More than a cooking school, the Center, in which all the family participates, offers an introduction to Tuscan life. After a first night at the Hotel Principe in Florence, the 5-day program begins in the traditional kitchens of the estate with a morning cooking class, lunch, and hands-on pizza and focaccia cooking using a wood oven.

The second day is devoted to tasting and pairing wines with food under the guidance of winemaster Nicholas Belfrage. Dinner is at a local restaurant. The third day starts with a shopping trip to Florence’s Sant’ Ambrosio market where students select for themselves what they will prepare for dinner. Lunch is at Florence’s top restaurant for traditional cooking, Cibreo. On day four students visit local artisans — bakers, butchers, chocolate makers, etc. — before another hands-on cooking session in the Capezzana kitchen.

Day five is taken up with an exploration of the Chianti and its wines, tasting local cheeses and salamis at wineries, and buying meats, fruits, and vegetables for the farewell dinner with the Contini Bonaccossi family. The elaborate farewell banquet is prepared by a guest chef.

In addition to the cooking school, the Center also offers weekend wine tasting courses under the guidance of a master of wine. (The Institute of Masters of Wine is an internationally recognized body of experts on wine production and assessment.) The estate sells its own famous collection of wines and olive oil.
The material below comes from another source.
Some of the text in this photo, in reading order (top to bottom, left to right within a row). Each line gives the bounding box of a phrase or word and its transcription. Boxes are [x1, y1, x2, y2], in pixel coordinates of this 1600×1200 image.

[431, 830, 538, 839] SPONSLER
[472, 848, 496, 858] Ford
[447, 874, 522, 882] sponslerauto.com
Benedetta Contini Bonaccossi, who is in charge of sales, also can arrange stays at local farms.

A stay at Capezzana is most remarkable for the brief sense of the "Tuscan experience." Guests stay in a wing of the villa and join the warmly hospitable Bonaccossi family at meals. The lively talk is mostly of food and wines — while you enjoy "your" food and the best wines of the region.

La Bottega del 30

Tucked away in a tiny medieval borgo dominated by a winery is one of the Chianti’s finest restaurants, La Bottega del 30. Several years ago, the charming young chef, Hélène Stoquelet, married a Tuscan, Franco Camelia, and began to study the ways of traditional Tuscan country cooking — which she has adapted and refined to such a point that the restaurant has received a coveted Michelin star.

Note: Since receiving the Michelin star, the cooking classes we participated in as described below for La Bottega Del 30 have been discontinued, though many other schools in the area follow similar methods.

* * *

Cooking classes are held in a specially-designed kitchen apart from the restaurant. Each student has his or her own stove, work space, utensils, and ingredients. (Students keep their utensils after finishing the course.) The emphasis each day is on a separate part of the meal: Monday, antipasti; Tuesday, soups and sauces; Wednesday, fresh pastas; Thursday, meats; Friday, dessert.
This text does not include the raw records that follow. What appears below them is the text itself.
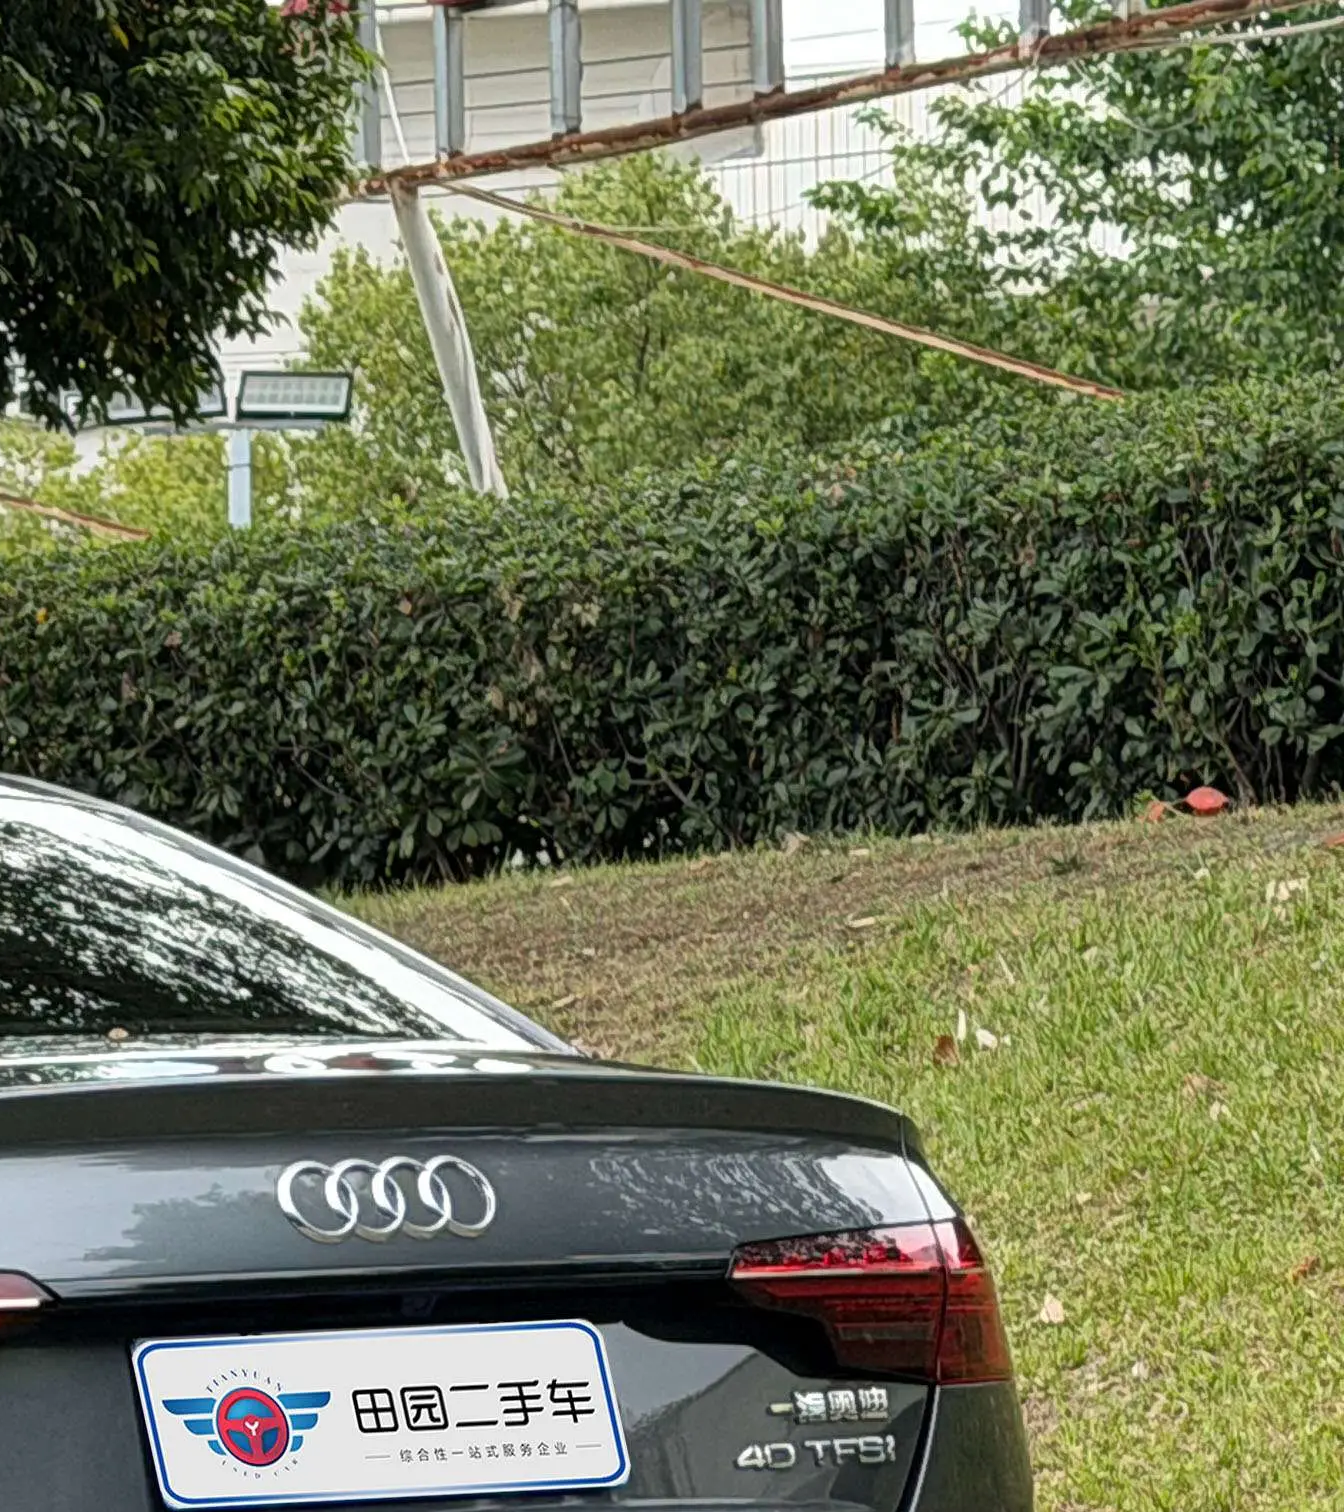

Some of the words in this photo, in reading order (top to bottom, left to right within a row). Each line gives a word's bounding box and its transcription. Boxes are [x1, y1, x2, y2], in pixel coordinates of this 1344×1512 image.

[351, 1379, 596, 1434] 田园二手车
[399, 1441, 569, 1463] 综合性一站式服务企业
[736, 1442, 796, 1469] 40
[804, 1435, 897, 1466] TFSI
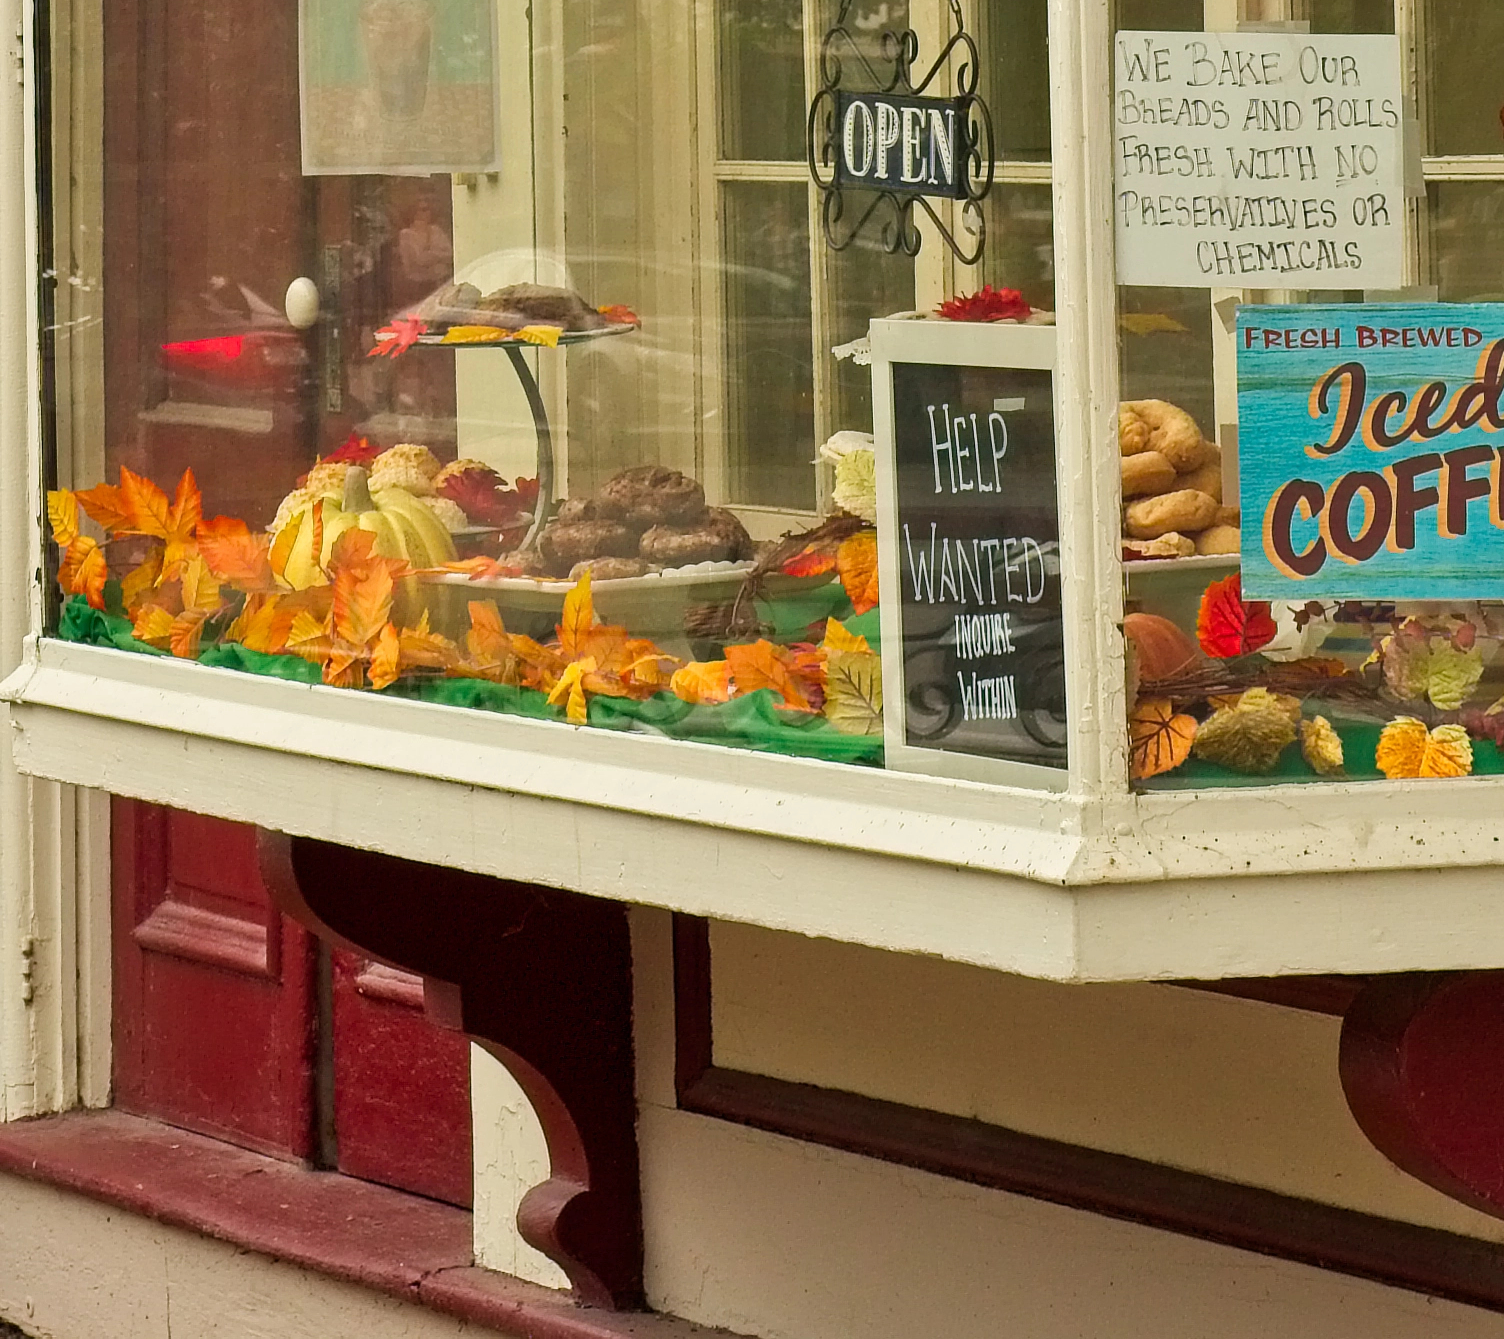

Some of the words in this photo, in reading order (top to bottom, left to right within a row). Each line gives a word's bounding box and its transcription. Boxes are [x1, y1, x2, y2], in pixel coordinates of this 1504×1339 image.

[1119, 38, 1172, 84] WE
[1185, 40, 1283, 87] BAKE
[1299, 45, 1361, 87] OUR
[1118, 88, 1231, 130] BREADS
[1242, 98, 1303, 131] AND
[1312, 96, 1400, 131] ROLLS
[843, 99, 956, 187] OPEN
[1119, 134, 1213, 178] FRESH
[1226, 144, 1317, 182] WITH
[1336, 143, 1379, 179] NO
[1118, 189, 1337, 231] PRESERVATIVES
[1352, 192, 1391, 227] OR
[1196, 239, 1363, 275] CHEMICALS
[1244, 327, 1341, 350] FRESH
[1355, 325, 1484, 350] BREWED
[927, 402, 1008, 495] HELP
[903, 521, 1046, 606] WANTED
[954, 612, 1017, 661] INQUIRE
[956, 669, 1018, 722] WITHIN
After each lesson, which lasts from 10 a.m. to approximately 2 p.m., students lunch in the dining room, eating the dishes they have prepared accompanied by appropriate wines.

The ancient culinary techniques of the women of Chianti are taught in an adjoining room which reproduces exactly a traditional kitchen, complete with a wood oven for baking, a brazier, and a huge country fireplace. In the same building is a well-stocked library and videocassette collection, a wine cellar, and a museum of old farm implements and utensils used for preparing traditional Tuscan meals.

1-day lessons Monday through Friday include lunch and wine tasting. On Thursdays and Fridays there is the option of a 1-day lesson plus dinner at the restaurant; on Mondays and Wednesdays the 1-day option is a cooking class, lunch, and wine tasting followed by an excursions to the castles of the Chianti and dinner at a typical restaurant.

* * *

Having participated in sessions at all three schools, we came to two conclusions. The first is that there surely is no better way to get a sense of Tuscany, one of the most beautiful areas of Italy and richest in artistic and crafts heritage, than to immerse oneself in its culinary traditions. At the schools we attended you can almost “taste” the countryside — and meet some of the people who have maintained its traditional ways of growing and preparing food.

The second is that this brief immersion in the Tuscan experience is likely to have lasting effects. We came home with our bags packed with the olive oil from Capezzana and aged cheese from the Central Market in Florence to combine with fresh vegetables from our garden. (And of course with recipes for our favorite dishes.) When the supply runs out — and it all too quickly will — we’ll find a way to replace it.

Tuscan Cooking Schools and Restaurants

Divina Cucina was formerly a fantastic cooking school based in Florence, and now is a very rich website full of content on authentic Tuscan cooking, and run by the inimitable Judy Witts Francini,

Capezzana Cooking School offers cooking courses as well as wine tours. Accommodations are in a wing of the Capezzana villa. The estate has a swimming pool, tennis courts, and pathways for walking and jogging.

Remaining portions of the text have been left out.